From 039324b8300499ab1fb15684f7b8fe2774ce4bcc Mon Sep 17 00:00:00 2001
From: Chris Lattner <clattner@nondot.org>
Date: Sat, 25 Sep 2021 18:24:44 -0700
Subject: [PATCH] [HW Docs] Write rationale for HW modules, parameters and
 other things.

This resolves Issue 1857
---
 docs/RationaleHW.md | 274 ++++++++++++++++++++++++++++++++++++++------
 llvm                |   2 +-
 2 files changed, 241 insertions(+), 35 deletions(-)
diff --git a/docs/RationaleHW.md b/docs/RationaleHW.md
index 6da17e7e3e..ee55b6f76d 100644
--- a/docs/RationaleHW.md
+++ b/docs/RationaleHW.md
@@ -13,8 +13,13 @@ Rationale](RationaleSV.md).
   - [Introduction to the `hw` Dialect](#introduction-to-the-hw-dialect)

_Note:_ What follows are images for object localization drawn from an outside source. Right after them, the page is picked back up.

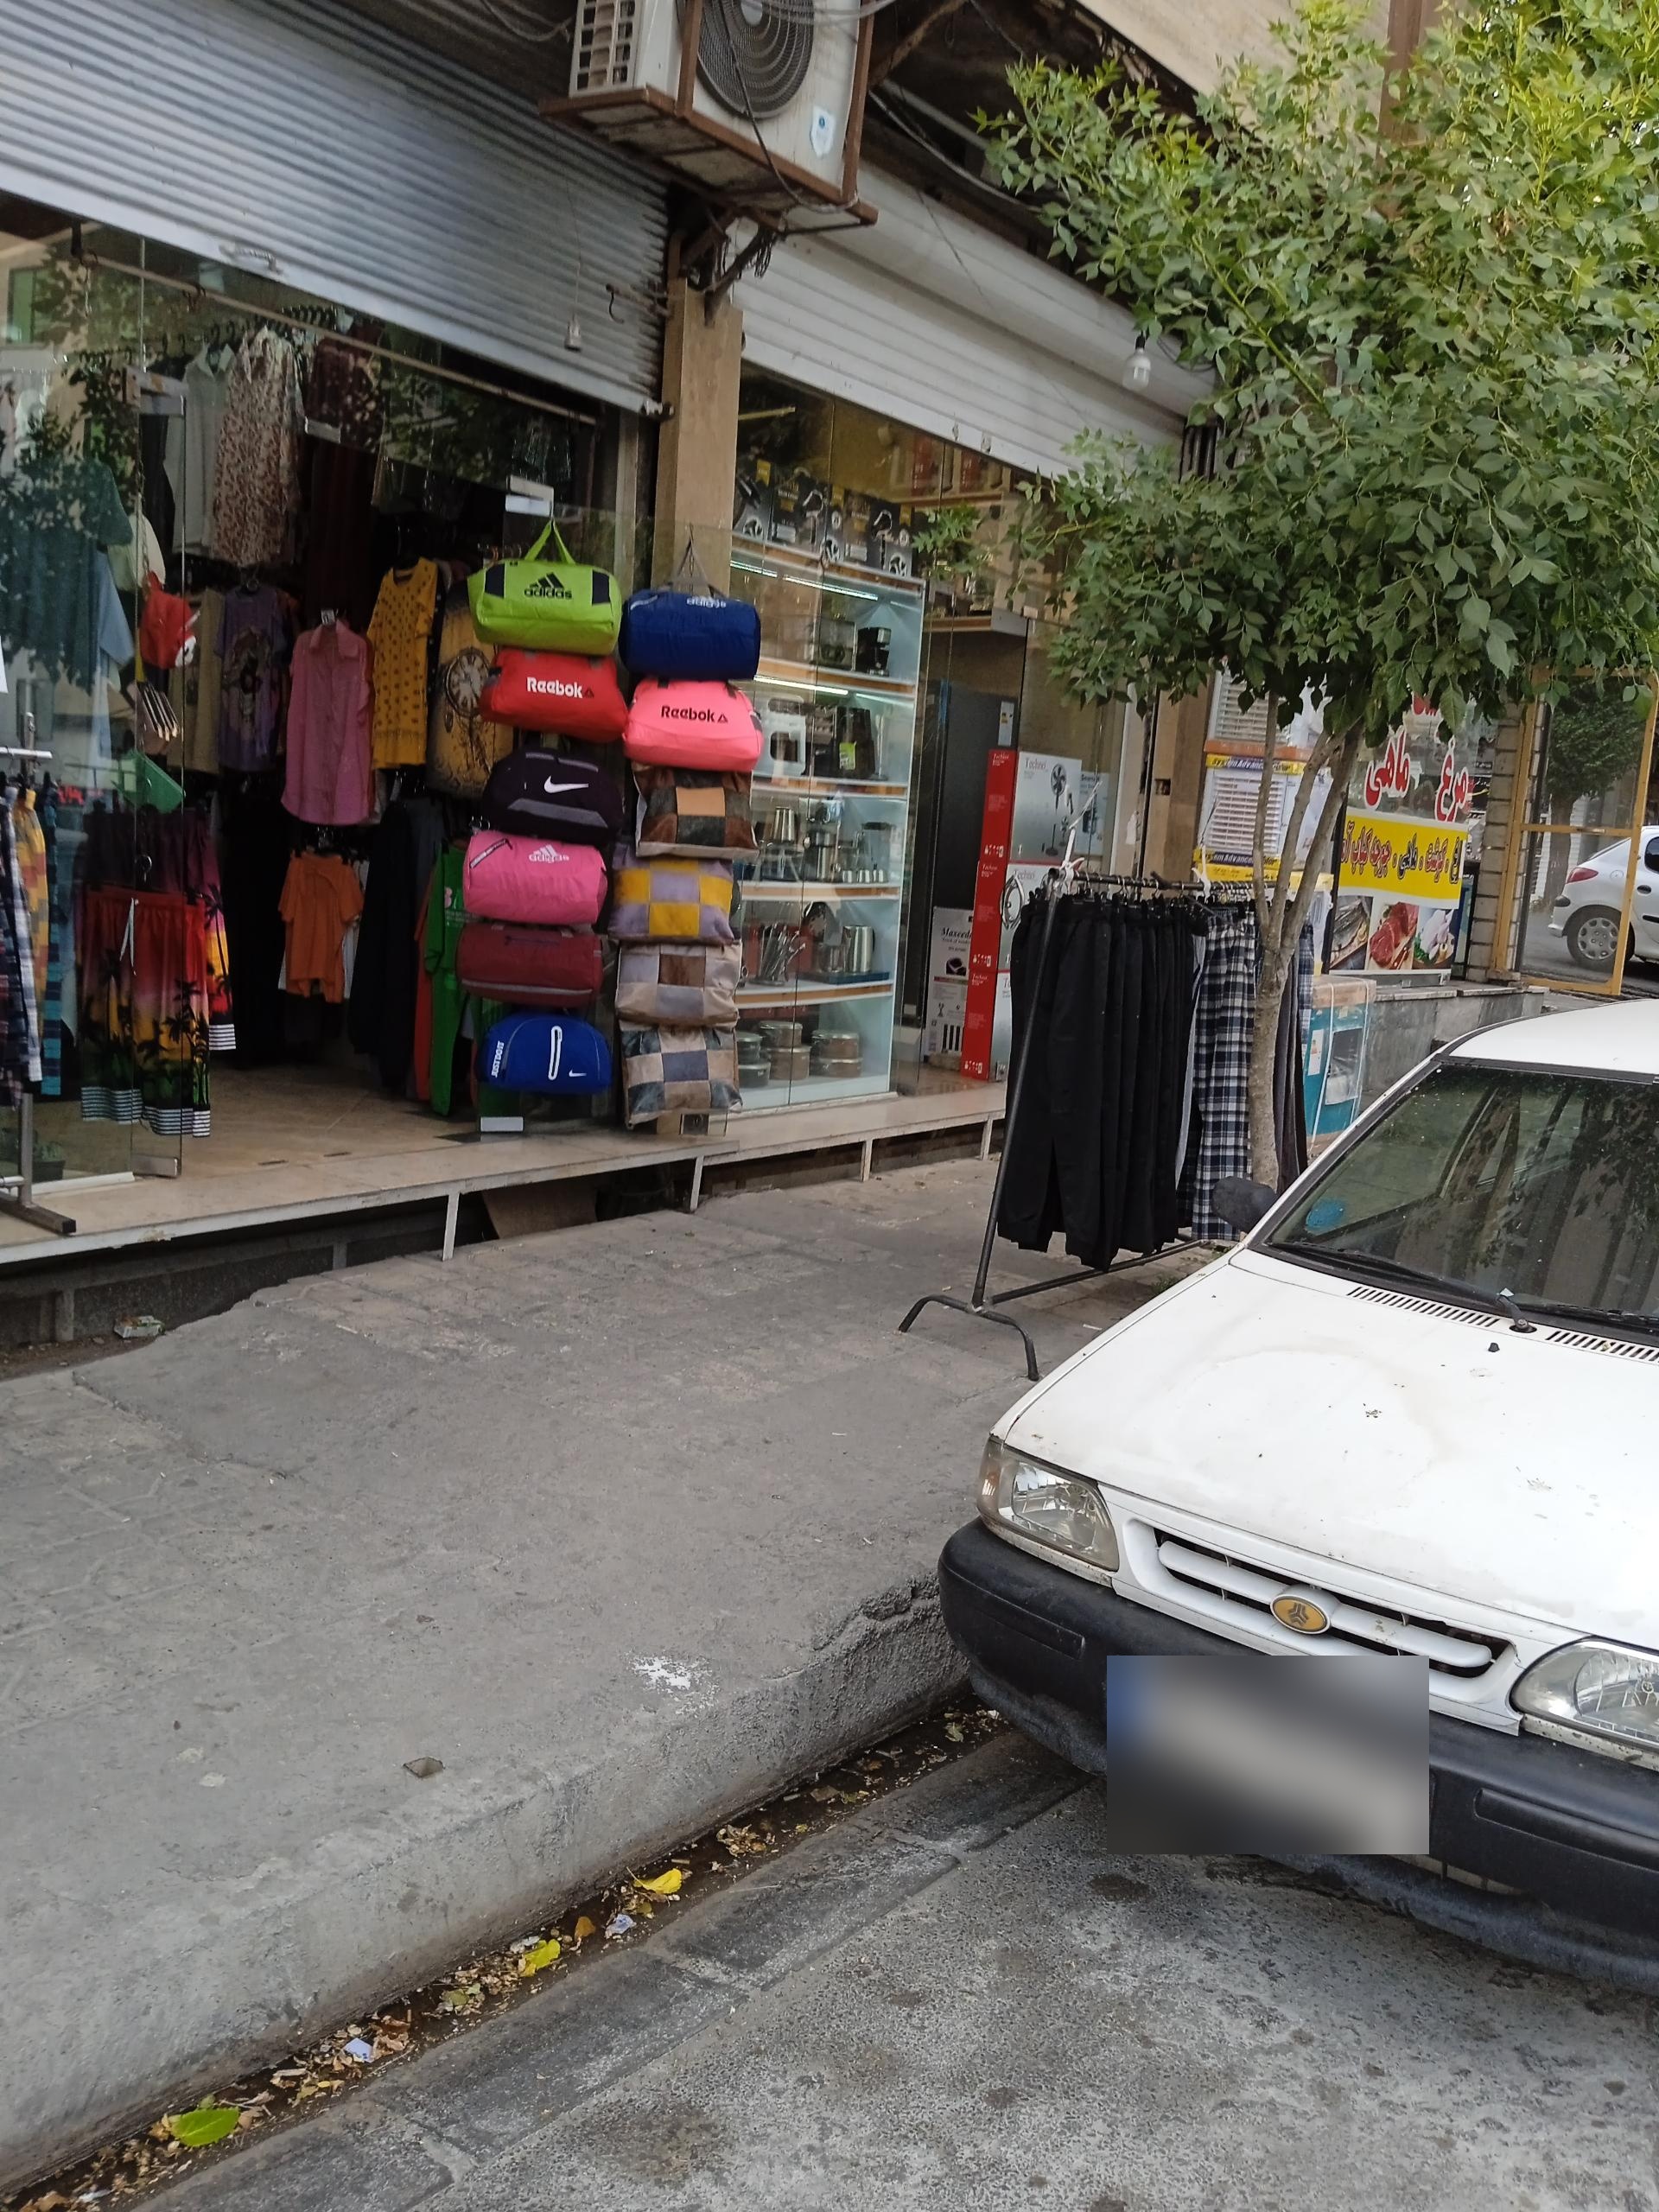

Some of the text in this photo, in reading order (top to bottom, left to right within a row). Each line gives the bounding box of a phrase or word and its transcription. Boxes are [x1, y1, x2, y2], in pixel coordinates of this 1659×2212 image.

[524, 587, 572, 600] adidas
[526, 676, 583, 699] Reebok
[661, 705, 715, 723] Reebok
[1364, 724, 1411, 811] ماهی
[1435, 734, 1469, 823] مرغ
[1397, 832, 1419, 880] ماهی

   - [`hw` Type System](#hw-type-system)
   - [`hw.module` and `hw.instance`](#hwmodule-and-hwinstance)
-    - [Parameterized Modules](#parameterized-modules)
     - [Instance paths](#instance-paths)
+  - [Parameterized Modules](#parameterized-modules)
+    - [Valid Parameter Expression Attributes](#valid-parameter-expression-attributes)
+    - [Parameter Expression Canonicalization](#parameter-expression-canonicalization)
+    - [Using parameters in the body of a module](#using-parameters-in-the-body-of-a-module)
+    - [Parameterized Types](#parameterized-types)
+    - [Answers to other common questions](#answers-to-other-common-questions)
   - [Type declarations](#type-declarations)
   - [Symbols and Visibility](#symbols-and-visibility)
   - [Future Directions](#future-directions)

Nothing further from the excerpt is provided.